We can’t live someone else’s life. (Many wish they could.)
We have something better.
We are able to experiment with our own lives.
The intensely curious AJ Jacobs has done this with his life in many ways, including living biblically for a year and outsourcing his life for others to live. In The Rationality Project, Jacobs was questioning why he did the things he did – using Crest toothpaste because when he was twelve a friend told him it was cool – and he began to make changes in his life.
Fontainbleu professor Herminia Ibarra suggests trying out the question: What if I try this?*
Whilst the bad news is you can’t live someone else’s life, the really good news is there are many ways to live your life.
If you don’t, it would be like having the blessing of a new car but only going back and forth to the same place at the same speed for the same reasons at the same time of day.
Why not begin today:
Pick up a book you’d never have thought to read.
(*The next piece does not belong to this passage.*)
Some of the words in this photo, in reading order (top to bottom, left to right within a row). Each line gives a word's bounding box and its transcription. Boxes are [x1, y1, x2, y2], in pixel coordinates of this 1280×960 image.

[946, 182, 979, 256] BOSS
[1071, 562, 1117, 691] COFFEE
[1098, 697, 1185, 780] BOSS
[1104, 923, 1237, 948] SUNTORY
Change something around in your routine.
Try out AJ Jacob’s experiment of asking why you do the things you do, going as far back as you can.
Get to know someone new.
Encourage someone.
Figure out how to serve someone.
We think we have to have it together – like all the other people – before we can do something more, something different, but it’s the other way around.
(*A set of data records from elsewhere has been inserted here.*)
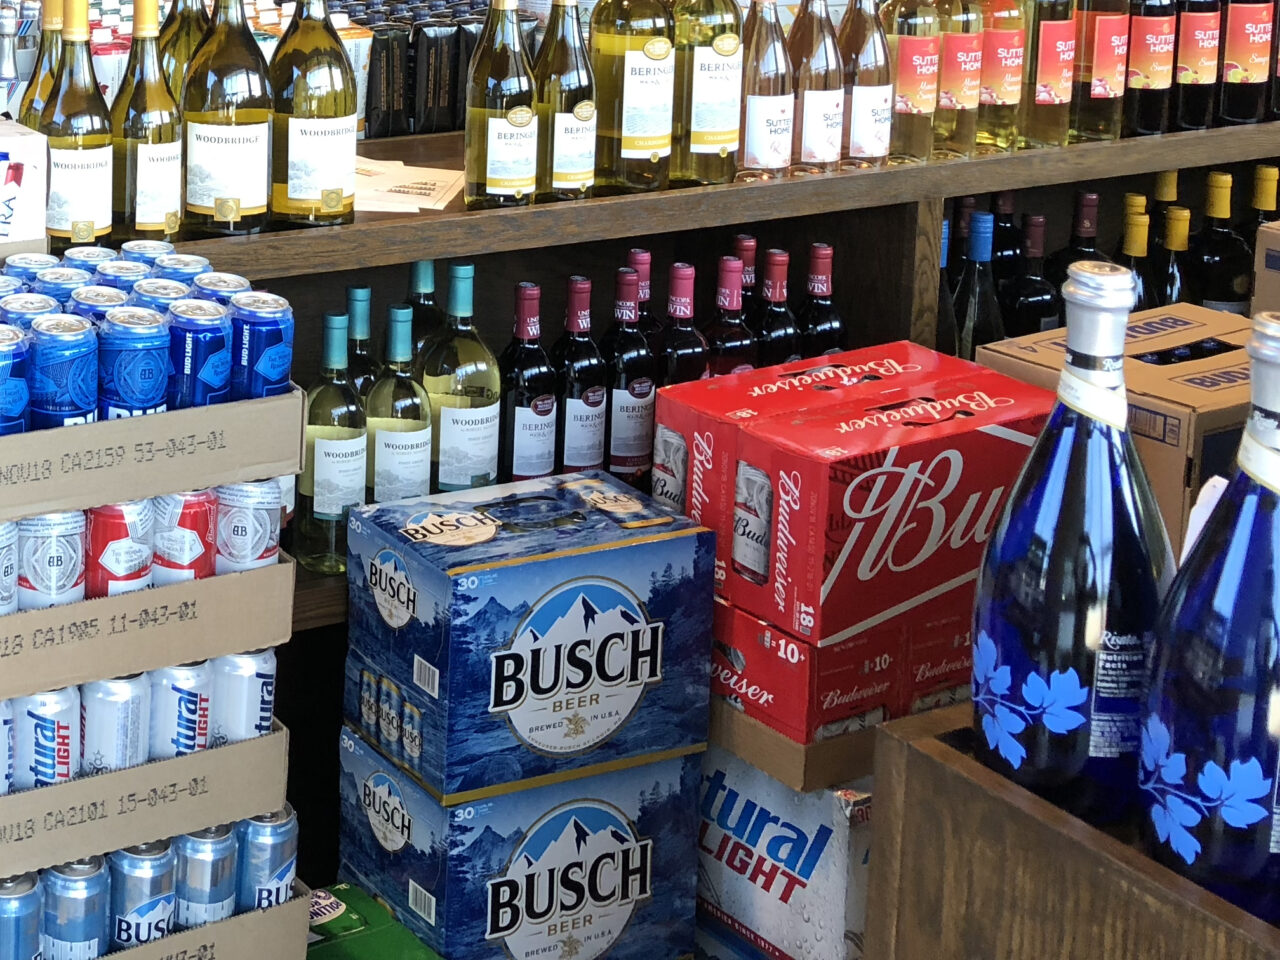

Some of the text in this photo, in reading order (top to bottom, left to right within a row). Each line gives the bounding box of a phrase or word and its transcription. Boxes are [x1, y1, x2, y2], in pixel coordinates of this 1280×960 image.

[1146, 34, 1175, 44] SUTTE
[1245, 22, 1273, 33] SUTTE
[912, 54, 938, 65] SUTTE
[195, 133, 260, 145] WOODBRIDGE
[184, 331, 193, 375] BUD LIGHT
[241, 323, 250, 366] BUD LIGHT
[747, 357, 923, 398] Budweiser
[835, 390, 1015, 434] Budweiser
[60, 444, 126, 476] CA2159
[133, 430, 228, 465] 53-043-01
[652, 473, 685, 505] Bud
[690, 430, 715, 528] Budwe
[349, 516, 363, 535] 30
[399, 511, 501, 542] BUSCH
[732, 516, 768, 547] Bud
[776, 469, 802, 614] Budweiser
[457, 575, 479, 591] 30
[714, 558, 727, 581] 18
[368, 561, 418, 617] BUSCH
[800, 604, 815, 628] 18
[488, 620, 665, 714] BUSCH
[915, 654, 972, 681] Budweise
[1098, 661, 1127, 669] Facts
[1099, 653, 1143, 661] Nutrition
[711, 662, 776, 709] weiser
[820, 682, 891, 710] Budweiser
[254, 671, 275, 735] tural
[551, 691, 601, 713] BEER
[528, 720, 565, 734] BREWED
[590, 713, 599, 722] IN
[27, 709, 57, 788] atural
[56, 720, 71, 779] LIGHT
[341, 735, 355, 753] 30
[43, 801, 109, 834] CA2101
[116, 776, 210, 815] 15-043-01
[361, 781, 413, 841] BUSCH
[453, 806, 475, 822] 30
[700, 768, 834, 882] tural
[697, 819, 808, 906] LIGHT
[485, 839, 654, 941] BUSCH
[546, 914, 593, 938] BEER
[524, 935, 593, 958] BREWED IN
‘But the main thing is to get testing and learning underway as soon as possible.’**
‘If people show low failure rates, be suspicious. Maybe they are not taking enough risks, or maybe they are hiding their mistakes, rather than allowing others in the organisation to learn from them.’^
(*Quoted in Warren Berger’s A More Beautiful Question.)
(**From Warren Berger’s A More Beautiful Question.)
(**From Frans Johansson’s The Medici Effect.)